> _YOUR GOAL_: Your answer must be the line holding "this 1125×1500 image." followed by every later line through the end of the entries, exactly as written.

> _DATA FOR THIS EXERCISE_:
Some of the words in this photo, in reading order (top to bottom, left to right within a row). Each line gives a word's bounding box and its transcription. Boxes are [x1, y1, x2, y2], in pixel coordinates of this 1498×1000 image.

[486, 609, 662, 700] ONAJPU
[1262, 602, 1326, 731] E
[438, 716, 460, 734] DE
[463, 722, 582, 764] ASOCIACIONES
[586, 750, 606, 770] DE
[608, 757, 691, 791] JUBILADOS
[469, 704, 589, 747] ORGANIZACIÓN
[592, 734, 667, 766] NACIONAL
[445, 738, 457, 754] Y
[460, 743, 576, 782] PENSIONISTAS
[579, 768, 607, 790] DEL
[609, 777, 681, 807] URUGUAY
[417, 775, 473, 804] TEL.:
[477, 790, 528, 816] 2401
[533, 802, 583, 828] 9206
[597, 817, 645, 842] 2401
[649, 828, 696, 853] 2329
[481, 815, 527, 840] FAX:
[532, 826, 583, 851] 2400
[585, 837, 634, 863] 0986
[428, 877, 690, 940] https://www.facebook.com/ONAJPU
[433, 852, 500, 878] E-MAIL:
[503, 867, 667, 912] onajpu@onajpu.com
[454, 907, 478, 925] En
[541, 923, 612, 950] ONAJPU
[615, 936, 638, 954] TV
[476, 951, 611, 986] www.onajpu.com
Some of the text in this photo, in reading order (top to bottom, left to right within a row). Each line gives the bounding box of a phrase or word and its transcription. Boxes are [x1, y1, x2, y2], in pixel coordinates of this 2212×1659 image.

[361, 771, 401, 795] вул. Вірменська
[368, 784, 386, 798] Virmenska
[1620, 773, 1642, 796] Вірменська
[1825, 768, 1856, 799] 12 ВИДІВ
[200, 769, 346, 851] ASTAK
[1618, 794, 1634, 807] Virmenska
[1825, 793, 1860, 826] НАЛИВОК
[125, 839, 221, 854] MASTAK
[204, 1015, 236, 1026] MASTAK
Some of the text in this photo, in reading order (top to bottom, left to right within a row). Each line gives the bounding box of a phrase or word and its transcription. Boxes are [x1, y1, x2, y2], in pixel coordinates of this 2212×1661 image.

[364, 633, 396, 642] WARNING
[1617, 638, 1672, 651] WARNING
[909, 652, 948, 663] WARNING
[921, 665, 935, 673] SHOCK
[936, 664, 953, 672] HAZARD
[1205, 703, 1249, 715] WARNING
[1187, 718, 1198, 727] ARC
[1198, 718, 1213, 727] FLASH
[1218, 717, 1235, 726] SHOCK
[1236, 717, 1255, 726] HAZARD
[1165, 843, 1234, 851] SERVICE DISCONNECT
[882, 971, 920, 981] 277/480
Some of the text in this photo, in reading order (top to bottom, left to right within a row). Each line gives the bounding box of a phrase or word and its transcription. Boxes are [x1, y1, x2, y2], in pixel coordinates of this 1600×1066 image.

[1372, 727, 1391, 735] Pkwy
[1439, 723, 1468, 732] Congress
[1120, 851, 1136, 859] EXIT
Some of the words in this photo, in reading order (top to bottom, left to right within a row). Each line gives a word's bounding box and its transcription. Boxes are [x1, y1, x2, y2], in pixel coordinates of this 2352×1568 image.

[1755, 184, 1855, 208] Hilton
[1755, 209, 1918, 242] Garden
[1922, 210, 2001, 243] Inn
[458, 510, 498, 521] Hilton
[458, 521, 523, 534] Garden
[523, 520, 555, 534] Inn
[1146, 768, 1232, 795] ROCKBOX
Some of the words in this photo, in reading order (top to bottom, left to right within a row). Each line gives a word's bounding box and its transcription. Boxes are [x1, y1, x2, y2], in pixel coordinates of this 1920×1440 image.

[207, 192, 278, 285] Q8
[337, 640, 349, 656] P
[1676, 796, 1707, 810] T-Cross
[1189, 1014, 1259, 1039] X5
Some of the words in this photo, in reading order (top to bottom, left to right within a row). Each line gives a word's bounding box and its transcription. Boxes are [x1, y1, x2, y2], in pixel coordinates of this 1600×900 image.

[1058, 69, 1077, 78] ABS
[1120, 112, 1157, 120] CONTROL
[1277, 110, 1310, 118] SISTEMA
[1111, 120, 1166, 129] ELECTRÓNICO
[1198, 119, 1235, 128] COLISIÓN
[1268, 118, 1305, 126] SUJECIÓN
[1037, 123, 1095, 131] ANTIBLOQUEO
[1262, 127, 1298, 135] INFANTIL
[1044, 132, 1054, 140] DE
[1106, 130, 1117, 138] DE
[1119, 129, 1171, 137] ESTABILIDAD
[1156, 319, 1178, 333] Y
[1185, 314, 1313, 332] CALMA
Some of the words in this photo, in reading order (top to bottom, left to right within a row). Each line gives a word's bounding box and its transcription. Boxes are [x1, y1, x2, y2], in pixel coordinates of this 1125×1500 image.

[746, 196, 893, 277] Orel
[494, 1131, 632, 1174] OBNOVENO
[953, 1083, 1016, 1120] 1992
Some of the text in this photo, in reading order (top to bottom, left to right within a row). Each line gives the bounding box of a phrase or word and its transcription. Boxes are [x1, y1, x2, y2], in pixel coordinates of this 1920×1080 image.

> _RESPONSE TO THIS EXERCISE_:
Some of the words in this photo, in reading order (top to bottom, left to right within a row). Each line gives a word's bounding box and its transcription. Boxes are [x1, y1, x2, y2], in pixel coordinates of this 1125×1500 image.

[746, 196, 893, 277] Orel
[494, 1131, 632, 1174] OBNOVENO
[953, 1083, 1016, 1120] 1992
Some of the text in this photo, in reading order (top to bottom, left to right within a row). Each line gives the bounding box of a phrase or word and its transcription. Boxes are [x1, y1, x2, y2], in pixel coordinates of this 1920×1080 image.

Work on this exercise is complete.